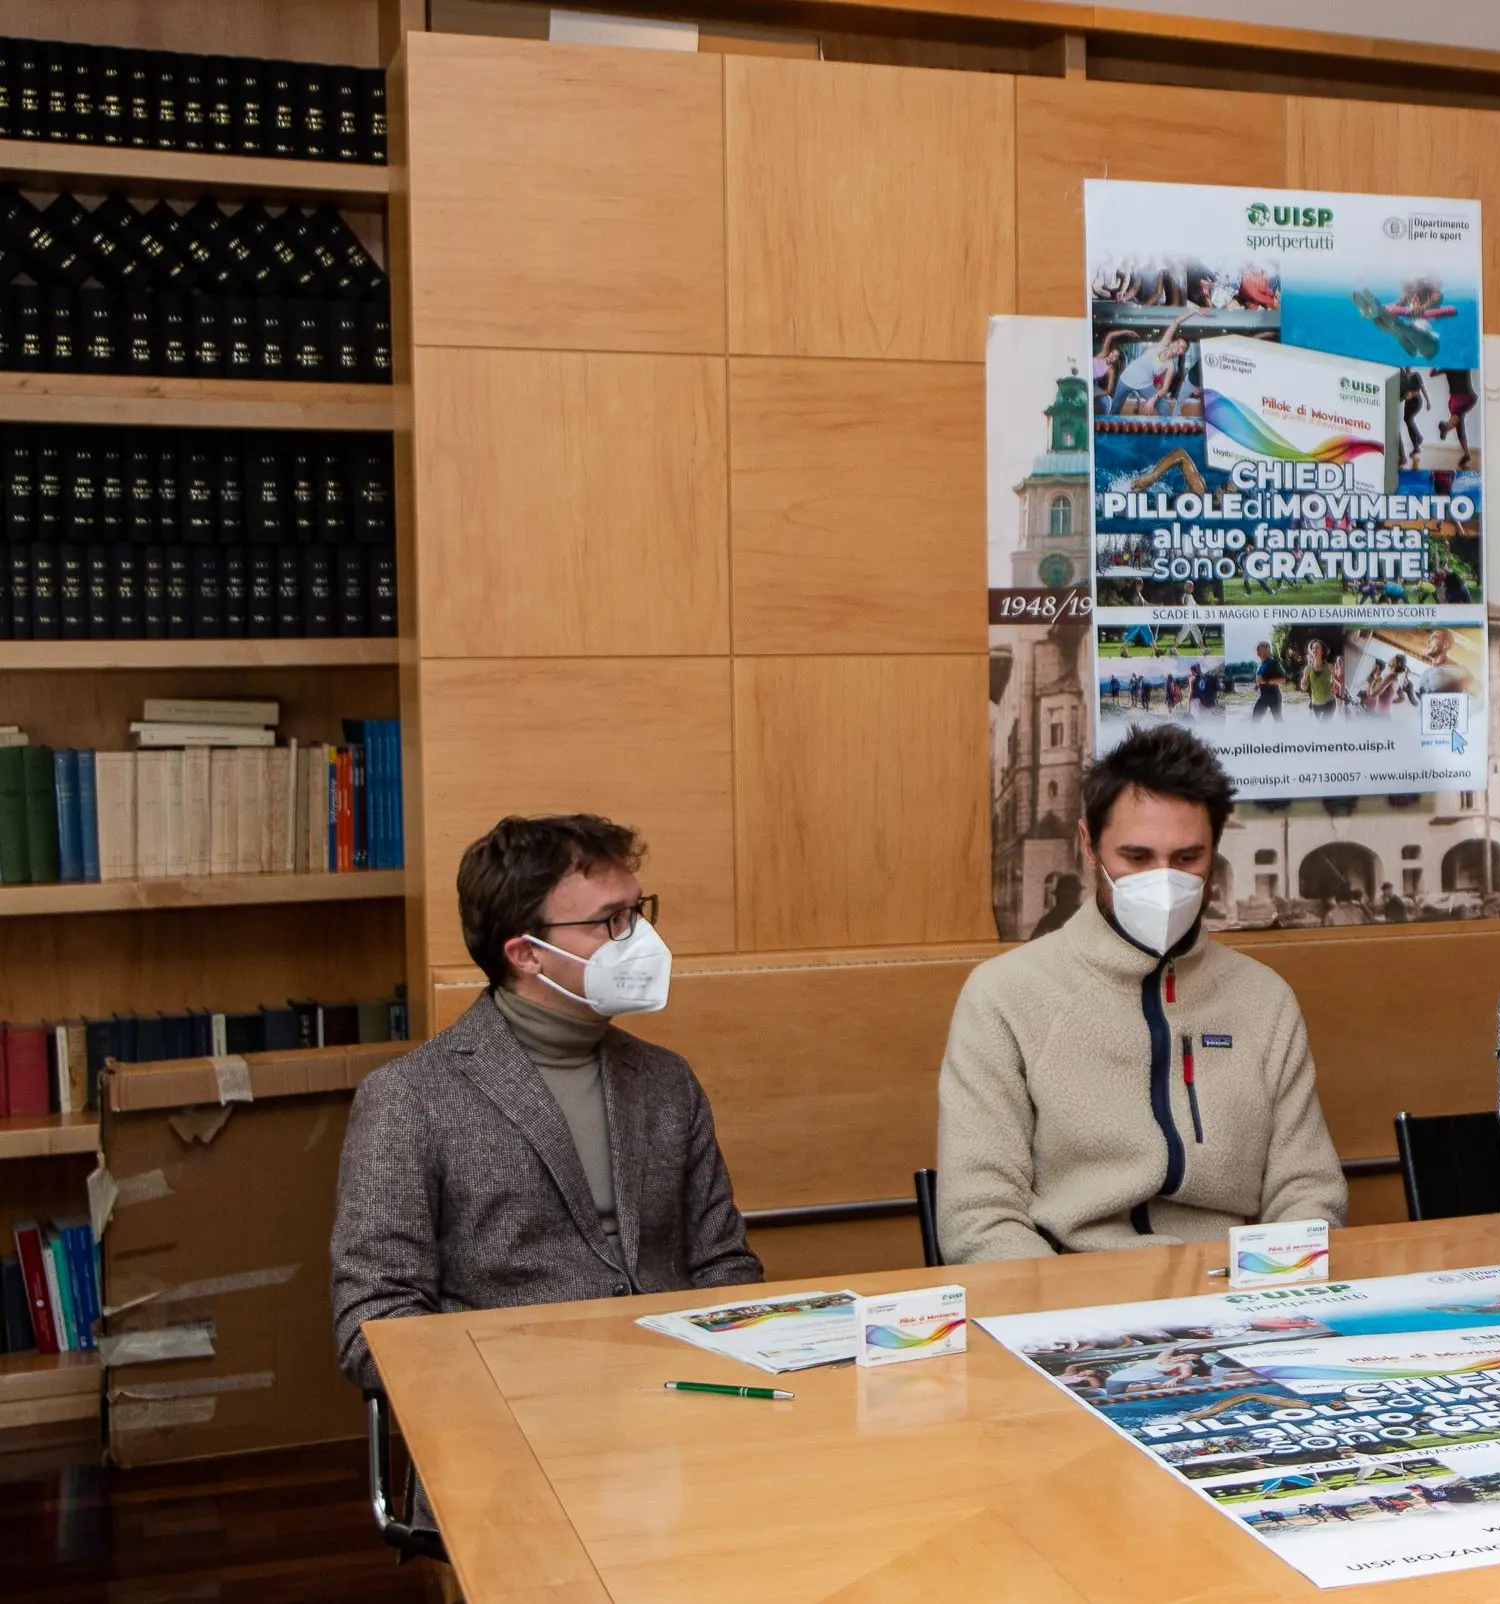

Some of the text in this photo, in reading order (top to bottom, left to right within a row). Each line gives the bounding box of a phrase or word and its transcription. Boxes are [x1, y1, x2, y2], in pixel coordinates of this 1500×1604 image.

[1273, 205, 1334, 229] UISP
[1413, 217, 1470, 231] Dipartimento
[1246, 233, 1335, 252] sportpertutti
[1413, 230, 1463, 242] per lo sport
[1351, 381, 1381, 395] UISP
[1261, 396, 1372, 431] Pillole di Movimento
[1231, 460, 1355, 492] CHIEDI
[1152, 521, 1181, 550] al
[1189, 527, 1246, 551] tuo
[1152, 550, 1430, 581] sono GRATUITE!
[1151, 607, 1438, 620] SCADE IL 31 MAGGIO E FINO AD ESAURIMENTO SCORTE
[1209, 739, 1396, 757] ww.pilloledimovimento.uisp.it
[1298, 771, 1362, 785] 0471300057
[1369, 768, 1472, 784] www.uisp.it/bolzano
[1265, 1283, 1352, 1298] UISP
[1252, 1419, 1300, 1440] al
[1267, 1426, 1418, 1455] sono
[1345, 1558, 1397, 1572] UISP

----

■ Work request ■
Skipping the pictures, output the entries exactly as they appear above.

■ Task answer ■
Some of the text in this photo, in reading order (top to bottom, left to right within a row). Each line gives the bounding box of a phrase or word and its transcription. Boxes are [x1, y1, x2, y2], in pixel coordinates of this 1500×1604 image.

[1273, 205, 1334, 229] UISP
[1413, 217, 1470, 231] Dipartimento
[1246, 233, 1335, 252] sportpertutti
[1413, 230, 1463, 242] per lo sport
[1351, 381, 1381, 395] UISP
[1261, 396, 1372, 431] Pillole di Movimento
[1231, 460, 1355, 492] CHIEDI
[1152, 521, 1181, 550] al
[1189, 527, 1246, 551] tuo
[1152, 550, 1430, 581] sono GRATUITE!
[1151, 607, 1438, 620] SCADE IL 31 MAGGIO E FINO AD ESAURIMENTO SCORTE
[1209, 739, 1396, 757] ww.pilloledimovimento.uisp.it
[1298, 771, 1362, 785] 0471300057
[1369, 768, 1472, 784] www.uisp.it/bolzano
[1265, 1283, 1352, 1298] UISP
[1252, 1419, 1300, 1440] al
[1267, 1426, 1418, 1455] sono
[1345, 1558, 1397, 1572] UISP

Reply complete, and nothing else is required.